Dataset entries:
* * *

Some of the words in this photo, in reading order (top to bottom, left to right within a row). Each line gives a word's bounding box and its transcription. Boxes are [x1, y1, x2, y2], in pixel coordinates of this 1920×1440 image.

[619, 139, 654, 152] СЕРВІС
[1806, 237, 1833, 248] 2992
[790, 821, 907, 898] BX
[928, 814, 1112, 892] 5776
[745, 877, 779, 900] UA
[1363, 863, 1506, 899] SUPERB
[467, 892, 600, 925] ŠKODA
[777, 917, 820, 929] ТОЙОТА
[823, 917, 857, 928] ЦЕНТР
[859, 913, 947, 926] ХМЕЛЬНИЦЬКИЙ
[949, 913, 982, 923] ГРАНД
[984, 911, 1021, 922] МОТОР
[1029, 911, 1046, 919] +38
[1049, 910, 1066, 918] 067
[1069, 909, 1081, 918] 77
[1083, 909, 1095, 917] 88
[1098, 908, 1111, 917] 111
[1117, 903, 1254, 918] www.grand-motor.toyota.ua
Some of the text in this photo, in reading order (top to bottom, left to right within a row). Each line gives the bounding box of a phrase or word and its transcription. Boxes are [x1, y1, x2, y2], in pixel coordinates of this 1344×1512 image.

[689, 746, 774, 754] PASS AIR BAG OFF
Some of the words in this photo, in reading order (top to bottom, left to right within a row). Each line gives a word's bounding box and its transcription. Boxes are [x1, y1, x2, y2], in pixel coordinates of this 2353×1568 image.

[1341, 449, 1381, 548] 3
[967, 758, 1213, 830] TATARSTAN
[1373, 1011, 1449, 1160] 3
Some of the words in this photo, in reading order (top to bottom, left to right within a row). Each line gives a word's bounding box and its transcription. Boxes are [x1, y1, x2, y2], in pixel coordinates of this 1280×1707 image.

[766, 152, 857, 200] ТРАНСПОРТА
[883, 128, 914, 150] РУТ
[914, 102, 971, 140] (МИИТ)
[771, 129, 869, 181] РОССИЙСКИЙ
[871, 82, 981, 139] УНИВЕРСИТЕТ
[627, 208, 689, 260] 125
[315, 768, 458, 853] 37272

* * *

Exact repetition is required: return every record shown above.

Some of the words in this photo, in reading order (top to bottom, left to right within a row). Each line gives a word's bounding box and its transcription. Boxes are [x1, y1, x2, y2], in pixel coordinates of this 1920×1440 image.

[619, 139, 654, 152] СЕРВІС
[1806, 237, 1833, 248] 2992
[790, 821, 907, 898] BX
[928, 814, 1112, 892] 5776
[745, 877, 779, 900] UA
[1363, 863, 1506, 899] SUPERB
[467, 892, 600, 925] ŠKODA
[777, 917, 820, 929] ТОЙОТА
[823, 917, 857, 928] ЦЕНТР
[859, 913, 947, 926] ХМЕЛЬНИЦЬКИЙ
[949, 913, 982, 923] ГРАНД
[984, 911, 1021, 922] МОТОР
[1029, 911, 1046, 919] +38
[1049, 910, 1066, 918] 067
[1069, 909, 1081, 918] 77
[1083, 909, 1095, 917] 88
[1098, 908, 1111, 917] 111
[1117, 903, 1254, 918] www.grand-motor.toyota.ua
Some of the text in this photo, in reading order (top to bottom, left to right within a row). Each line gives the bounding box of a phrase or word and its transcription. Boxes are [x1, y1, x2, y2], in pixel coordinates of this 1344×1512 image.

[689, 746, 774, 754] PASS AIR BAG OFF
Some of the words in this photo, in reading order (top to bottom, left to right within a row). Each line gives a word's bounding box and its transcription. Boxes are [x1, y1, x2, y2], in pixel coordinates of this 2353×1568 image.

[1341, 449, 1381, 548] 3
[967, 758, 1213, 830] TATARSTAN
[1373, 1011, 1449, 1160] 3
Some of the words in this photo, in reading order (top to bottom, left to right within a row). Each line gives a word's bounding box and its transcription. Boxes are [x1, y1, x2, y2], in pixel coordinates of this 1280×1707 image.

[766, 152, 857, 200] ТРАНСПОРТА
[883, 128, 914, 150] РУТ
[914, 102, 971, 140] (МИИТ)
[771, 129, 869, 181] РОССИЙСКИЙ
[871, 82, 981, 139] УНИВЕРСИТЕТ
[627, 208, 689, 260] 125
[315, 768, 458, 853] 37272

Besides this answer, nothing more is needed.